Our body uses a great amount of energy and resources for digesting food. Fasting is a Western term, and a Chinese term is called inedia (辟谷). Inedia is mainly used for the energy cultivators who can collect a great amount of energy from their surroundings and the universe, who rely less on food energy, and who want to limit their daily energy consumption especially in digesting food to conserve the use of energy for a long life.
Some countries or regions have had this “empty stomach” therapy since ancient times. For the majority of people who do not have the knowledge of the vast accumulation of energy from their surroundings, fast once or twice when the body is too malfunctioned to recover from ill health. But fasting often or even continuous fasting is not advisable. Using the same method, energy cultivators save their limited but vital life energy for a longer life while regular folks may deplete their life energy and shorten their lives besides the typical symptoms from fasting:
- Hunger and cravings.
- Headaches and lightheadedness.
- Digestive issues
- Irritability and other mood changes.
- Fatigue and low energy.
- Bad breath.
- Sleep disturbances.
All these symptoms are due to a lack of nourishment.

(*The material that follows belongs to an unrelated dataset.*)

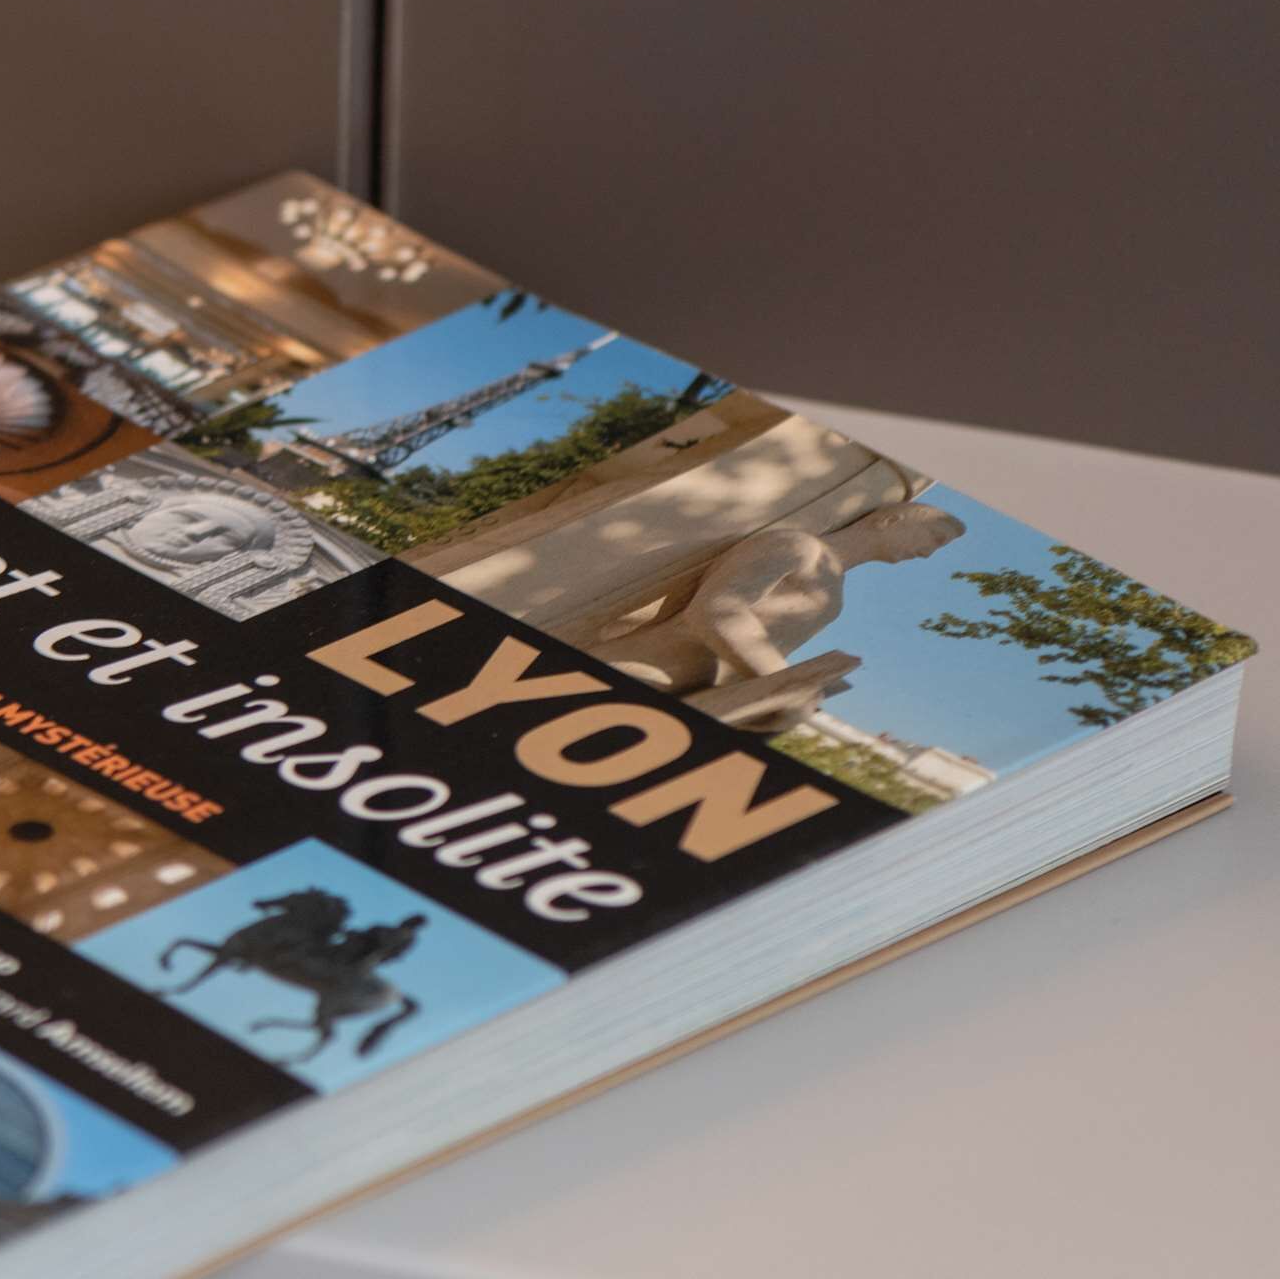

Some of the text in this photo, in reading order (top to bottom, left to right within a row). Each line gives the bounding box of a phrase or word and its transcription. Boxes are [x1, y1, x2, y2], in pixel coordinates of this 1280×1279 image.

[32, 617, 199, 686] et
[160, 674, 644, 921] insolite
[304, 598, 842, 864] LYON

If you are not the few who can cultivate a vast amount of energy through meditation and breathing, it’s recommended to halt fasting, consume millet porridge, and the Siwu herbal soup (四物汤) prescribed by a Traditional Chinese doctor to replenish and nourish your qi and blood.
If you still want this kind of fasting, learn how to accumulate a great amount of energy from your surroundings first. But I need to warn you: not everyone can learn and accomplish this because a great amount of time and effort to learn and practice is needed. Very few, if any, people in the Western world can do this. I know a few of the energy practitioners who thought they could accumulate enough energy but had fainted, even a trip to the emergency room, from fasting.